Here are ways to to deal with toxic positivity at work:
Think rationally about your emotions
Feelings of anxiety, concern, and even terror are common responses to challenges. Expecting too much of oneself is a surefire recipe for disappointment. Take care of yourself and focus on fixing the problems you’re facing.
You shouldn’t be hesitant to confront
Although it may be unsettling to challenge such a reaction, doing so might help the individual develop. Toxic optimism in the workplace is a common problem, and this strategy can help leaders assess the effect of their words and actions.
Realize that you can have conflicting emotions at once
In the face of adversity, it’s normal to have dual emotions: fear of failure and confidence in your own abilities. Your feelings could be just as complicated as the circumstance.

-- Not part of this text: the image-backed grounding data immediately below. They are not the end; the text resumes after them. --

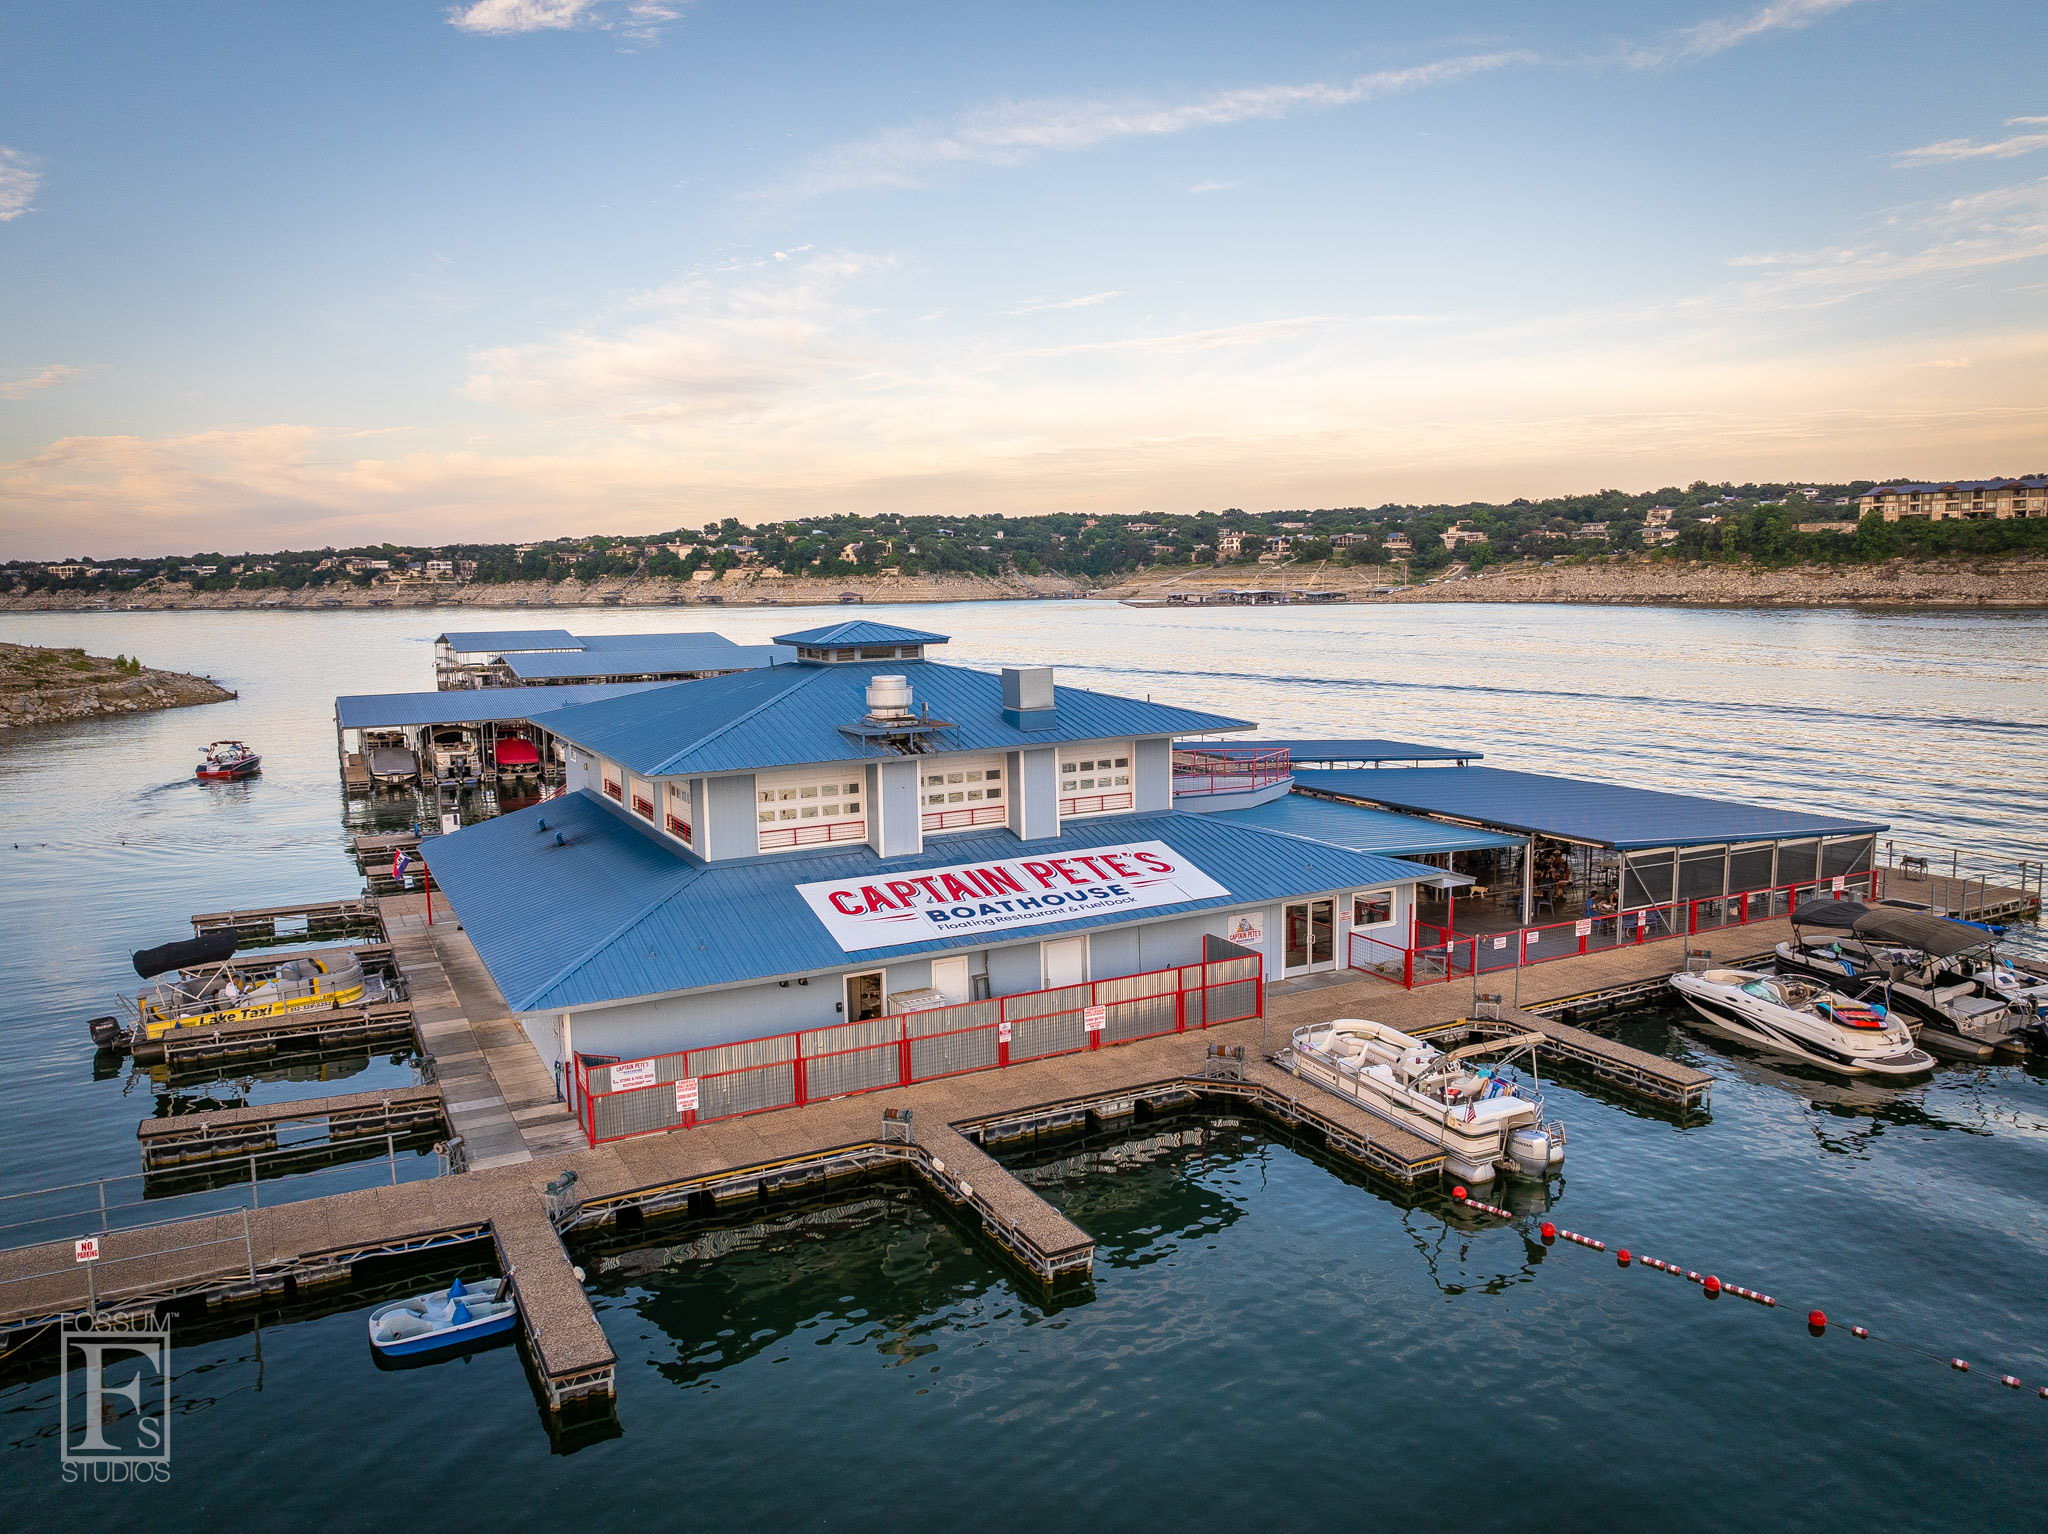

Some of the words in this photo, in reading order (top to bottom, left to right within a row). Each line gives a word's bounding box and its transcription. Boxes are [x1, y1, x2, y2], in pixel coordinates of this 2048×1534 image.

[828, 866, 1030, 916] CAPTAIN
[1020, 852, 1175, 889] PETE'S
[925, 884, 1131, 922] BOATHOUSE
[937, 918, 996, 931] Floating
[995, 907, 1065, 923] Restaurant
[199, 1013, 237, 1025] Lake
[240, 1004, 273, 1019] Taxi
[77, 1250, 98, 1259] PARKING
[81, 1242, 93, 1251] NO
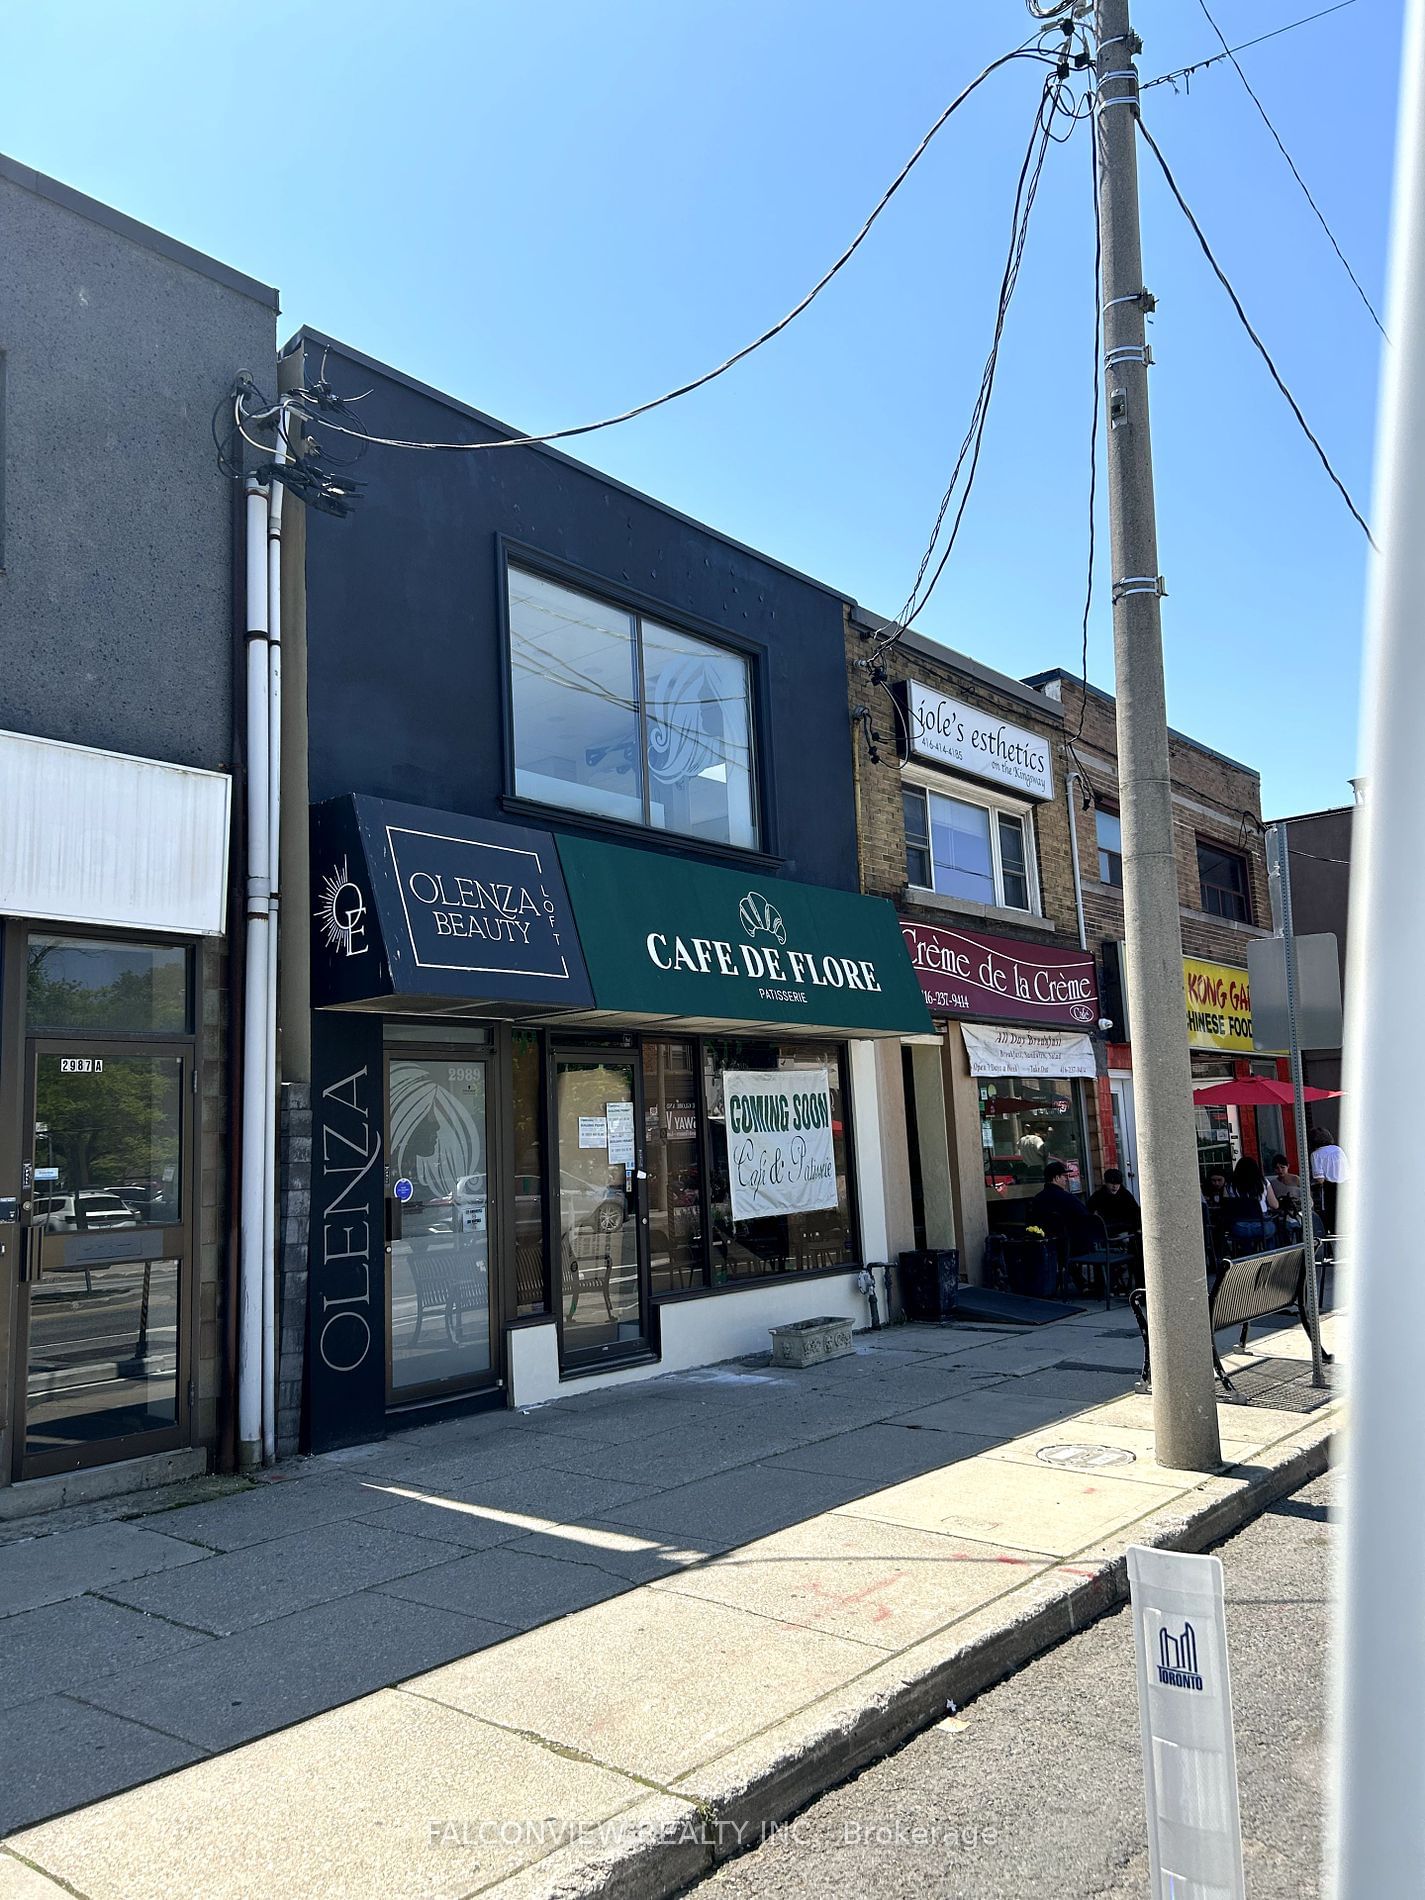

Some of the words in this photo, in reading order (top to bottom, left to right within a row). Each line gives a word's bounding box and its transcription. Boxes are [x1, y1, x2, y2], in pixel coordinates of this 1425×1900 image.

Investigate the significance of your current situation
Some people believe that the cure to a toxically positive attitude is what they call “tragic optimism,” or the attempt to find some good in a bad circumstance.
Take note of your internal state. Keeping up with “positive” social media profiles can provide motivation at times, but it’s important to monitor your own emotional response to the stuff you consume. Toxic positivity may be at blame if you feel bad about yourself after reading so-called “positive” content. If this is the case, cutting back on social media could be a good idea.
Express yourself verbally
If you’re going through a tough time, try to find healthy outlets for expressing your feelings. Do something healthy, like keeping a journal or talking to a friend. Putting one’s sentiments into words has been shown to help alleviate their intensity, according to studies.